Assessment of alanine, urea, and glucose interrelationships in normal subjects and in patients with sepsis with stable isotopic tracers.

The kinetic interactions among glucose, alanine, and urea metabolism were studied in both normal volunteers and in patients with sepsis by means of a primed, constant infusion of stable isotopes. In the normal volunteers, infusion of glucose at 4 mg/kg/min suppressed total glucose production, the rate of gluconeogenesis from alanine, and the production of urea, despite an increase in the rate of release and uptake of alanine. When the glucose infusion rate was increased to 8 mg/kg/min, the production of urea decreased further, even though gluconeogenesis from alanine was already suppressed by the first infusion. This additional N-sparing effect was explainable by an increase in glucose oxidation. In the patients with sepsis the basal rates of production of glucose and urea were elevated significantly. Glucose infusion (4 mg/kg/min) decreased hepatic glycogenolysis but not gluconeogenesis from alanine or urea production. At the glucose infusion rate of 8 mg/kg/min, glucose oxidation increased in the patients and urea production decreased.

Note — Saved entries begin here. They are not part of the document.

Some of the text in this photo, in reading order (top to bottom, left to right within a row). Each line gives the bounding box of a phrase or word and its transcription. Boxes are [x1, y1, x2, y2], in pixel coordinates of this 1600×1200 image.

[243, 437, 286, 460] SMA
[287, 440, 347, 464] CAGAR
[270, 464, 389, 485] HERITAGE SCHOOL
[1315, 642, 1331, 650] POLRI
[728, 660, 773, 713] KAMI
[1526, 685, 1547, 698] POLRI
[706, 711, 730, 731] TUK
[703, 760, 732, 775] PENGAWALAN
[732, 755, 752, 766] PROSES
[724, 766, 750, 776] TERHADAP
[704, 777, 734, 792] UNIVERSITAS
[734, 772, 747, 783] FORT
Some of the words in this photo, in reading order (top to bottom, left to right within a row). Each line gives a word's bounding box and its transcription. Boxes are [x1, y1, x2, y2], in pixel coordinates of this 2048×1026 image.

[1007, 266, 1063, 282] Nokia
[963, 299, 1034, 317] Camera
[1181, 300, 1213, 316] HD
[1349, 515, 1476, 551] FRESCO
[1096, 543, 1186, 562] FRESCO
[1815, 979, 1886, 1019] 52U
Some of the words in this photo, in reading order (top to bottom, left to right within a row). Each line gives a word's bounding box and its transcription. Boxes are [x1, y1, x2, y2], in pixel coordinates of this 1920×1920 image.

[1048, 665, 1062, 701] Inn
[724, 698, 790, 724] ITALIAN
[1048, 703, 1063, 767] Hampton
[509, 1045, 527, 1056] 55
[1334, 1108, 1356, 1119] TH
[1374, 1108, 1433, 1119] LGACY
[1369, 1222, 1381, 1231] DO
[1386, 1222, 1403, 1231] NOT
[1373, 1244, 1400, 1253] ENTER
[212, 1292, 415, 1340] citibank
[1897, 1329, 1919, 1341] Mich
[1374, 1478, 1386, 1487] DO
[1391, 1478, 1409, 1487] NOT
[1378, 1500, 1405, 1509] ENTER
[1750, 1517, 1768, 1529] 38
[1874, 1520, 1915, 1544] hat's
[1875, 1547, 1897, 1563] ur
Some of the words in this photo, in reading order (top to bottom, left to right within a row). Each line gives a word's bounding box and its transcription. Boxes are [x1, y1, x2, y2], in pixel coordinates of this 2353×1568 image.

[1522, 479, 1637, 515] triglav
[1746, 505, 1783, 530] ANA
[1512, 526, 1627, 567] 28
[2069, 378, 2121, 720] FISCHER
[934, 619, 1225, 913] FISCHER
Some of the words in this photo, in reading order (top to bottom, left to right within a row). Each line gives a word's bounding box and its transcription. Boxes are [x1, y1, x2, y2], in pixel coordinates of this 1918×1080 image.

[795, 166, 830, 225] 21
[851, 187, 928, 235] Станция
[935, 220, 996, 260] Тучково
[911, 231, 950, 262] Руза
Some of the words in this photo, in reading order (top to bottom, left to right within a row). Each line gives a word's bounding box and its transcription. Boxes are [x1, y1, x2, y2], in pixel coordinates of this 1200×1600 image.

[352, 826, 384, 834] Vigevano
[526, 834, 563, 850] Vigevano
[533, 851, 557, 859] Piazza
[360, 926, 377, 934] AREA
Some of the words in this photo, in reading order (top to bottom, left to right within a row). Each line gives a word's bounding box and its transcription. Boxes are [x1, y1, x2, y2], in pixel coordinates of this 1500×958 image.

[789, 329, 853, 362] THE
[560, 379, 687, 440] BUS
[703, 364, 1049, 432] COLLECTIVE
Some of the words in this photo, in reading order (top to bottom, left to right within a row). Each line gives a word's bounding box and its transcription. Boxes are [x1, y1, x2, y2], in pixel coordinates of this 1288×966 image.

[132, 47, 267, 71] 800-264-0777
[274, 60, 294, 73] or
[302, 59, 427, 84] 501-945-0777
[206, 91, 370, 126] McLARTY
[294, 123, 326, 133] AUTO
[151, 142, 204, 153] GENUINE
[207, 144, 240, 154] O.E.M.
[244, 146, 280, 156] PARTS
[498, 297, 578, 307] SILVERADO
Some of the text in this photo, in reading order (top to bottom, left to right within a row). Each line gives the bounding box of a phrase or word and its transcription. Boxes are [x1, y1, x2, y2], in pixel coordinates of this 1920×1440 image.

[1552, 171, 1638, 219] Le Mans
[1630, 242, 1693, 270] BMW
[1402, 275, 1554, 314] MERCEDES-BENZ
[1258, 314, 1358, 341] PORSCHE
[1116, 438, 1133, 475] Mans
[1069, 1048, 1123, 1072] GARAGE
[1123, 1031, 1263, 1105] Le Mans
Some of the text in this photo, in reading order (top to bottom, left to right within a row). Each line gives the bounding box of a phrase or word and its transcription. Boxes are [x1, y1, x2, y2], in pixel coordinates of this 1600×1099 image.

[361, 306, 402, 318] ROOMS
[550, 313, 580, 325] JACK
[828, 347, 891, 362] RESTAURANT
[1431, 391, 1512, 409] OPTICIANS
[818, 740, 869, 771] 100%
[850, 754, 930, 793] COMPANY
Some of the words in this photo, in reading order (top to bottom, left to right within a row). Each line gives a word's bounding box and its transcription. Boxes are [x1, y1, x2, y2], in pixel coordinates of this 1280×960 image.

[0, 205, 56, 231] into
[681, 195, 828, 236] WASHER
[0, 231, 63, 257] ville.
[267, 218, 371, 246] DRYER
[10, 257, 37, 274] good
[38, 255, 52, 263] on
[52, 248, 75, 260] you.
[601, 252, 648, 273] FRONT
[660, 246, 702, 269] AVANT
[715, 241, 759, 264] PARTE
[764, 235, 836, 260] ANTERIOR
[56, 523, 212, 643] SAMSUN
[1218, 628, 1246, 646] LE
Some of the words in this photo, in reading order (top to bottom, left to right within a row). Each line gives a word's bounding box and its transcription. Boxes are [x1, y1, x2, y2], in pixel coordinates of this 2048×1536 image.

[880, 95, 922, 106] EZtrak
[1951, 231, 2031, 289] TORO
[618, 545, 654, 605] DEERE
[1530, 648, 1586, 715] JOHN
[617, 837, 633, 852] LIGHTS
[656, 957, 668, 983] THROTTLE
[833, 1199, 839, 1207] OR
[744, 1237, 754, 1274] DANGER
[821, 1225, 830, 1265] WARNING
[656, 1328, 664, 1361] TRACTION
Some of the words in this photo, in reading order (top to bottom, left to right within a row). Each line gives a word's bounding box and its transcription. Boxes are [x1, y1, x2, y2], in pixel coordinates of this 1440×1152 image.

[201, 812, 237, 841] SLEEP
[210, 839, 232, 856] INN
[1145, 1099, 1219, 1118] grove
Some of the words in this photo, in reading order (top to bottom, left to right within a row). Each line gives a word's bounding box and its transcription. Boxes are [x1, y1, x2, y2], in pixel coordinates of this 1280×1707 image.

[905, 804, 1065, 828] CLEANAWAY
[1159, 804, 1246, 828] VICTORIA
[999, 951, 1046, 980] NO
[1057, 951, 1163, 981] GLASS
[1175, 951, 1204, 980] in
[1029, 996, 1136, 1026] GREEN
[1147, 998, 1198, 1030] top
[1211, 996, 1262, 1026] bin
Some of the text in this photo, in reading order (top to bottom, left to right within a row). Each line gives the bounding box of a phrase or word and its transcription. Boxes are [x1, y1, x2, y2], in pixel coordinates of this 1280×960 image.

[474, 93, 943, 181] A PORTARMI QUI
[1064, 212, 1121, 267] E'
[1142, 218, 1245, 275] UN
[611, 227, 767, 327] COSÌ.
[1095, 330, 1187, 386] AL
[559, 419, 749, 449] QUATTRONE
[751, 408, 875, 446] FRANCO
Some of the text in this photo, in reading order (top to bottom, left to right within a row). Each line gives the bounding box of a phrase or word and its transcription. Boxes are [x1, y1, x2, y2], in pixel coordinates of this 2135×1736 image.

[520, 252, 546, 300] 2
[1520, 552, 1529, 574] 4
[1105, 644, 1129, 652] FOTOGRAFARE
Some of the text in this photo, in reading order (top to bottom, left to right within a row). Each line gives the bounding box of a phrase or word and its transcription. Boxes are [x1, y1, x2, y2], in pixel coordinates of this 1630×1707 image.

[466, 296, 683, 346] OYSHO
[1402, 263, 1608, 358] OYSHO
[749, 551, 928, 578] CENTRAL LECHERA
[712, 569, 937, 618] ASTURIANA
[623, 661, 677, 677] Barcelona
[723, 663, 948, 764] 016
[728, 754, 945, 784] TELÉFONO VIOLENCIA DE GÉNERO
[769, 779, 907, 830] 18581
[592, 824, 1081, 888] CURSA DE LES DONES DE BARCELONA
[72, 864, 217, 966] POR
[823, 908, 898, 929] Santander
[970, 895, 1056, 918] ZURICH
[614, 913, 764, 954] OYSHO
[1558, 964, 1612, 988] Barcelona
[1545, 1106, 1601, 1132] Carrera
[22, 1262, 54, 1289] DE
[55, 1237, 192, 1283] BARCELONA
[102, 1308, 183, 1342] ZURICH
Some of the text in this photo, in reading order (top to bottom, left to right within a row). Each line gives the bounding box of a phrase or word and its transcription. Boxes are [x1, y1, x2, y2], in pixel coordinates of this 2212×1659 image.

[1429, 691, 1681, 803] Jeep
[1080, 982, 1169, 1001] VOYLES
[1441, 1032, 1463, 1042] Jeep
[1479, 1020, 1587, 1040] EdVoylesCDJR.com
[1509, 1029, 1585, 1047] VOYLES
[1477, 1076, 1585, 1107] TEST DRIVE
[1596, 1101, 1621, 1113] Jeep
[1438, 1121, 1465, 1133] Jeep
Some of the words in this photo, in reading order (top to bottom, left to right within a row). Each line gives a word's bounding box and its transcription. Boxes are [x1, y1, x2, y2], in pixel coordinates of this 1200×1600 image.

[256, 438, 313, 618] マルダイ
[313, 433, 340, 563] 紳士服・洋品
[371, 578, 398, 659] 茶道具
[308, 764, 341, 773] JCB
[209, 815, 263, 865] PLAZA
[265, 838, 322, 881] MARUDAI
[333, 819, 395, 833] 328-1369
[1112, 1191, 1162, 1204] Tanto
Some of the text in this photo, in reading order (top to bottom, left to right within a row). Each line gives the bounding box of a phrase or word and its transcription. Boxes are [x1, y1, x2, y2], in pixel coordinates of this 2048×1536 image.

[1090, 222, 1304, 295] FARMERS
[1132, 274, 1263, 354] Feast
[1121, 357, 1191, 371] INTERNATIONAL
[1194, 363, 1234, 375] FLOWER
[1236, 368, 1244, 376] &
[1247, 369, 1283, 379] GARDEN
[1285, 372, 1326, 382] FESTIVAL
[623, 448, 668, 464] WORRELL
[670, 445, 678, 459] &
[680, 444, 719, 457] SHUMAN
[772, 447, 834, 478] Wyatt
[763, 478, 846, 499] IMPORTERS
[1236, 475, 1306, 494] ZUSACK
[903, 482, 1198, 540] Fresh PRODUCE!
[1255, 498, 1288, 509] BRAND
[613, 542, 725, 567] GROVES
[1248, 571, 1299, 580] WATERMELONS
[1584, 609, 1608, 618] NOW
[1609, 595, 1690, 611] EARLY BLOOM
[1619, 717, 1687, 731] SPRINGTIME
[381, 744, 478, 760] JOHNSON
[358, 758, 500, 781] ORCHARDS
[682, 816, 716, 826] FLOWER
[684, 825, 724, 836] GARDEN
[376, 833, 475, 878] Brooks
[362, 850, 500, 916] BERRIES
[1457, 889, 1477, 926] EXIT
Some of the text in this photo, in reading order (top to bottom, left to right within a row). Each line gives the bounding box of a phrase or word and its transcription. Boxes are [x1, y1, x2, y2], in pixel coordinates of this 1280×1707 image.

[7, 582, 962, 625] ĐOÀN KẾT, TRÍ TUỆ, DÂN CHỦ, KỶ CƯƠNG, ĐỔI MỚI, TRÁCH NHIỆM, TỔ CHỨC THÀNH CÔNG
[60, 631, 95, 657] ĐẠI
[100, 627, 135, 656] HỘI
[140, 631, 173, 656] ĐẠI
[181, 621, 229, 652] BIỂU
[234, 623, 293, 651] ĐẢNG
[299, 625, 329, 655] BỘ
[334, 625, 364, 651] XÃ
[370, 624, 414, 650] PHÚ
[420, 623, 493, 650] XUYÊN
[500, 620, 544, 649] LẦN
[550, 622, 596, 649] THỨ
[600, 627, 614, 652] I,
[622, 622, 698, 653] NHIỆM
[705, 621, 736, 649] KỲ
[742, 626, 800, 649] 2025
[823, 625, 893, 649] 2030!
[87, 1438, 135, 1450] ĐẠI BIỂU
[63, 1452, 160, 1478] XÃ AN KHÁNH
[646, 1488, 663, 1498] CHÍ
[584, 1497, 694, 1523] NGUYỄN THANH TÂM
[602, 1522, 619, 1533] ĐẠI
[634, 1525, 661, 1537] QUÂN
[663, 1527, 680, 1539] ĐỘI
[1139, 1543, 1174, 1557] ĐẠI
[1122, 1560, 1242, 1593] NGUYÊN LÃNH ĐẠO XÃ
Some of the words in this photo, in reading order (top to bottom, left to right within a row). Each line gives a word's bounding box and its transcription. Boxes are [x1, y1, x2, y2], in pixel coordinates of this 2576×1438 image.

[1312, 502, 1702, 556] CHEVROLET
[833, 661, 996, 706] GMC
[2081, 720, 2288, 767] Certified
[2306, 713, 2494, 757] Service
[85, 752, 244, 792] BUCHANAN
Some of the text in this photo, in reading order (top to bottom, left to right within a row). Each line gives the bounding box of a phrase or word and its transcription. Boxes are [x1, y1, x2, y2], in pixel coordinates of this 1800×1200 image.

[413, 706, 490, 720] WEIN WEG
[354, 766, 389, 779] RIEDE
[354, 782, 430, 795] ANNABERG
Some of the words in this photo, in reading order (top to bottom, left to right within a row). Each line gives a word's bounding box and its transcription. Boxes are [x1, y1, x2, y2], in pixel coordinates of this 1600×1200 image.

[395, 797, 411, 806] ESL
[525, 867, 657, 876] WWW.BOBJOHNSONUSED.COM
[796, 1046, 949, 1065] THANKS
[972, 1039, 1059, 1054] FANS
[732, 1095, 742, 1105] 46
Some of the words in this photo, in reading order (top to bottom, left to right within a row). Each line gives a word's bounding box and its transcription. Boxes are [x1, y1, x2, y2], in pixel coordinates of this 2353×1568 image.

Thus in patients with sepsis a higher rate of glucose infusion is necessary to achieve nitrogen-sparing effects than is necessary in controls because of a lack of suppressibility of gluconeogenesis. Because of continued glucose production during glucose infusion, hyperglycemia commonly develops during glucose infusion in sepsis. However, this effect does not necessarily indicate a complete inability of the patient with sepsis to benefit nutritionally from infused glucose, as we observed no decrement in the ability to oxidize infused glucose.